What to produce ->
Set down, exactly as written, every line from the one containing "this 1280×1280 image." through the end of the listing.

The data ->
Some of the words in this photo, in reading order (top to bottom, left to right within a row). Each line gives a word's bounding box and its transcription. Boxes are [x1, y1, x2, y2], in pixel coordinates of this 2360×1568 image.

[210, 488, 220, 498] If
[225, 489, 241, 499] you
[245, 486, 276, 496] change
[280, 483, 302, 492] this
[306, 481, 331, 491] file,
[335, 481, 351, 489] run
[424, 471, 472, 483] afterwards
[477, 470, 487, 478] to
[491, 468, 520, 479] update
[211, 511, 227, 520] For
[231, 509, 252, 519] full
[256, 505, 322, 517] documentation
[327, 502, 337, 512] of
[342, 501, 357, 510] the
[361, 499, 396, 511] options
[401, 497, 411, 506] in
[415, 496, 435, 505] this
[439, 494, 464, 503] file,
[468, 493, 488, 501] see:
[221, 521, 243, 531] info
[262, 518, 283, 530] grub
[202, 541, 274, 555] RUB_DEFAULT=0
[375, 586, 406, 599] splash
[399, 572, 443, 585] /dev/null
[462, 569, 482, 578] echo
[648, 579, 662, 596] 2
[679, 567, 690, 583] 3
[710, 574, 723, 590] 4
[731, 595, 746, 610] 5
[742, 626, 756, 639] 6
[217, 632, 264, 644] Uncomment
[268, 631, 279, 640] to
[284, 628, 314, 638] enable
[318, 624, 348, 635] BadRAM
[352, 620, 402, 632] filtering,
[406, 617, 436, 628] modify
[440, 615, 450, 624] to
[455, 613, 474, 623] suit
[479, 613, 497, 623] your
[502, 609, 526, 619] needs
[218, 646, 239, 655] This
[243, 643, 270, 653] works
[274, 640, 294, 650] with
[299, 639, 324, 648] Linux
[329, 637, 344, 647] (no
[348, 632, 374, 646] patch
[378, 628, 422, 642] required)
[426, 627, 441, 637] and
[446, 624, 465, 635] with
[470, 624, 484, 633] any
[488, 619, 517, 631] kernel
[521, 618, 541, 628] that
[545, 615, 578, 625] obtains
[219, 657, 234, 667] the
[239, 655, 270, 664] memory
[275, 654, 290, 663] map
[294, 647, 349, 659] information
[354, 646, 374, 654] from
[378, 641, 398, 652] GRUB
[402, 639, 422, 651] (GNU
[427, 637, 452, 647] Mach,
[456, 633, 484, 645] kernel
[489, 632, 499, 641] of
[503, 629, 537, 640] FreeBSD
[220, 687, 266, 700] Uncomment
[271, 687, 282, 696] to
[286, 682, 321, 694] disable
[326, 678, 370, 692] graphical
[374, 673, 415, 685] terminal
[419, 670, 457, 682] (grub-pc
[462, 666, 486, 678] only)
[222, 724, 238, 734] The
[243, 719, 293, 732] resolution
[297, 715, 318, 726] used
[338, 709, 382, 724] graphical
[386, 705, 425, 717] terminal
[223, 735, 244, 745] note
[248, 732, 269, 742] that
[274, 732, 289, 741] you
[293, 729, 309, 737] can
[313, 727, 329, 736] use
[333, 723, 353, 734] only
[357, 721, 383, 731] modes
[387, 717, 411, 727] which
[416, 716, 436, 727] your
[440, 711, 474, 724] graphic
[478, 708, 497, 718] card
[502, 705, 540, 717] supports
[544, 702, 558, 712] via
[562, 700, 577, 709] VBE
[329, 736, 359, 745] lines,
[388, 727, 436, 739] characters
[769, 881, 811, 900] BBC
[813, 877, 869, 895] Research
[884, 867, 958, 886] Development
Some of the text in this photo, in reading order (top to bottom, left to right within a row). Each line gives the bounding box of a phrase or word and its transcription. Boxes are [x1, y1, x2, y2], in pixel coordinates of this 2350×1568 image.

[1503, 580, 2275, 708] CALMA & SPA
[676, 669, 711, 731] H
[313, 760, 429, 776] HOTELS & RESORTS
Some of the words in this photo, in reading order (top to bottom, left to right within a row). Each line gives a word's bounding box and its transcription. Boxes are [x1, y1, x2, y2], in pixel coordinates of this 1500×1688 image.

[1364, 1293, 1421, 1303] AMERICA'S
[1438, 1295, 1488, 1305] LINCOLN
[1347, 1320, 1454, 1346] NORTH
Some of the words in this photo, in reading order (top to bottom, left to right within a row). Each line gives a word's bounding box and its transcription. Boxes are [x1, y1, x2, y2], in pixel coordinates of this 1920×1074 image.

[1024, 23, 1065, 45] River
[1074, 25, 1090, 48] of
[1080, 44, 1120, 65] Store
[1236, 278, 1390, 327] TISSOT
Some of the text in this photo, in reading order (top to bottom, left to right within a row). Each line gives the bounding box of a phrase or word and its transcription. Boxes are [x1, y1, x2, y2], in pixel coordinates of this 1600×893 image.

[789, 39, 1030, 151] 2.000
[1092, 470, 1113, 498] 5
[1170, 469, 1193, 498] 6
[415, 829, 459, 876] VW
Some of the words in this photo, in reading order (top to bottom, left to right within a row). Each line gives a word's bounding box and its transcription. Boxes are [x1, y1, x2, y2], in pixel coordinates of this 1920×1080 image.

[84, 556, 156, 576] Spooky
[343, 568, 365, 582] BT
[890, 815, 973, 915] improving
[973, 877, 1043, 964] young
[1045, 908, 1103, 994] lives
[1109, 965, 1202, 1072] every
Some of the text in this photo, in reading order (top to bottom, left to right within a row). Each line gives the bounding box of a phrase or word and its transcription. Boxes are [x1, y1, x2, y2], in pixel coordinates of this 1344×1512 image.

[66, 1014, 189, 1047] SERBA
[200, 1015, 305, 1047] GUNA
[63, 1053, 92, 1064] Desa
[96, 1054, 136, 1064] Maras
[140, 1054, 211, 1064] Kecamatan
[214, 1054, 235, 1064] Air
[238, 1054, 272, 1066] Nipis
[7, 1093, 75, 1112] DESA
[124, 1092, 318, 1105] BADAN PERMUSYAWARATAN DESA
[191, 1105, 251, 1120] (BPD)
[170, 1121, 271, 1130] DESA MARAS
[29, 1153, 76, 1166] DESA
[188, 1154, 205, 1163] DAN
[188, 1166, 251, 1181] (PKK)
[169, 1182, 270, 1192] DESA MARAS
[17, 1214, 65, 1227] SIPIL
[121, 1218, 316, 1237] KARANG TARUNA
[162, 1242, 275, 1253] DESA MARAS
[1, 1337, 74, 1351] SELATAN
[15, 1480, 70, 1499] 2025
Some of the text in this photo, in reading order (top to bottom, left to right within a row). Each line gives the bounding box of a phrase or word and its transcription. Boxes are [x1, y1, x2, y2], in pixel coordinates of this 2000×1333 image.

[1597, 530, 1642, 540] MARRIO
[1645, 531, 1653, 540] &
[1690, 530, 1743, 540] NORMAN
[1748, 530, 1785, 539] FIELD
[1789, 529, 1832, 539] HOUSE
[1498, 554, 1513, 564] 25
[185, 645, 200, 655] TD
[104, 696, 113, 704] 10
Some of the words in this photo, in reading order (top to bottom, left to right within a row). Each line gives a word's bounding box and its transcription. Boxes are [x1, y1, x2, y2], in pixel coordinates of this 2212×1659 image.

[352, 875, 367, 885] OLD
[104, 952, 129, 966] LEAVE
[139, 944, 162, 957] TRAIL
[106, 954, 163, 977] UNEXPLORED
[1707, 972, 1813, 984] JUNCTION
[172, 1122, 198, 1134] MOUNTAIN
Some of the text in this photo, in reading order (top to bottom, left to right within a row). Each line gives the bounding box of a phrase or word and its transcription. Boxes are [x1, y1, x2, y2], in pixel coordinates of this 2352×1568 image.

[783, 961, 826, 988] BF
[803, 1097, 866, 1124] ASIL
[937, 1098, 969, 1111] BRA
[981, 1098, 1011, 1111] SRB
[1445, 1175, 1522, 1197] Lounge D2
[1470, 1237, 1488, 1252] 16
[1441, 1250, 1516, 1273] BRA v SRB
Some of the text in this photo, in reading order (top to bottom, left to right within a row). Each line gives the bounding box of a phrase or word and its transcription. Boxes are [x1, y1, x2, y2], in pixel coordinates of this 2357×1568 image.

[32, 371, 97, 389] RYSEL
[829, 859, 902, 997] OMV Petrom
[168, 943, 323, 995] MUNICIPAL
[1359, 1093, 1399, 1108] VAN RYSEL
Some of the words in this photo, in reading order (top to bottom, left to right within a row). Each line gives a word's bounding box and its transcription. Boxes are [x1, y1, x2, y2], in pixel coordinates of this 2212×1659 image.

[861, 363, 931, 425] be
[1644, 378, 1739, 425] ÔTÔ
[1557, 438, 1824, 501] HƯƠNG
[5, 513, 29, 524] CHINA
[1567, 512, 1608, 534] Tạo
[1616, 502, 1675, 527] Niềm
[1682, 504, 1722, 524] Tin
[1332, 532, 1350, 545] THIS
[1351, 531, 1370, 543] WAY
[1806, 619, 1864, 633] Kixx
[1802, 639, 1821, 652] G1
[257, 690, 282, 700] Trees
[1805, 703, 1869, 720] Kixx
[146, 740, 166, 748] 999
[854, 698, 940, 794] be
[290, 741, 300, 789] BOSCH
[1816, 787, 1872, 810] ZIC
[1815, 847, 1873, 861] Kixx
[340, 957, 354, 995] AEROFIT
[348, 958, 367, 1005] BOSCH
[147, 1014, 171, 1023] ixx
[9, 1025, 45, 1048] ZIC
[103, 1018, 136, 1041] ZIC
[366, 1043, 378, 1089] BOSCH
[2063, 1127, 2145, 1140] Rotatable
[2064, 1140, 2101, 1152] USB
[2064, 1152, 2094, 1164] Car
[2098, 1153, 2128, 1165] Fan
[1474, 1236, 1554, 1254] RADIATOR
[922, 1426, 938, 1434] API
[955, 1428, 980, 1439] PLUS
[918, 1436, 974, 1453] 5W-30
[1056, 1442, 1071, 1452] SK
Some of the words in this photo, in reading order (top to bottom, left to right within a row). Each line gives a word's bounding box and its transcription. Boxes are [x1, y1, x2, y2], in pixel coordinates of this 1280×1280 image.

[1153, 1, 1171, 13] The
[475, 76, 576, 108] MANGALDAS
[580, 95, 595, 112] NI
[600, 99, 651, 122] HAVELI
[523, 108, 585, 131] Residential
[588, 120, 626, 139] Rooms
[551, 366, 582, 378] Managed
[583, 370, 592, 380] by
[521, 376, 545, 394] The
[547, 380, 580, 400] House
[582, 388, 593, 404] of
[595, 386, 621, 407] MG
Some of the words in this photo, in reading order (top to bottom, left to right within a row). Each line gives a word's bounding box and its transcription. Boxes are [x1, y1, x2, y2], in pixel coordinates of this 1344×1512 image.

Worked solution ->
Some of the words in this photo, in reading order (top to bottom, left to right within a row). Each line gives a word's bounding box and its transcription. Boxes are [x1, y1, x2, y2], in pixel coordinates of this 1280×1280 image.

[1153, 1, 1171, 13] The
[475, 76, 576, 108] MANGALDAS
[580, 95, 595, 112] NI
[600, 99, 651, 122] HAVELI
[523, 108, 585, 131] Residential
[588, 120, 626, 139] Rooms
[551, 366, 582, 378] Managed
[583, 370, 592, 380] by
[521, 376, 545, 394] The
[547, 380, 580, 400] House
[582, 388, 593, 404] of
[595, 386, 621, 407] MG
Some of the words in this photo, in reading order (top to bottom, left to right within a row). Each line gives a word's bounding box and its transcription. Boxes are [x1, y1, x2, y2], in pixel coordinates of this 1344×1512 image.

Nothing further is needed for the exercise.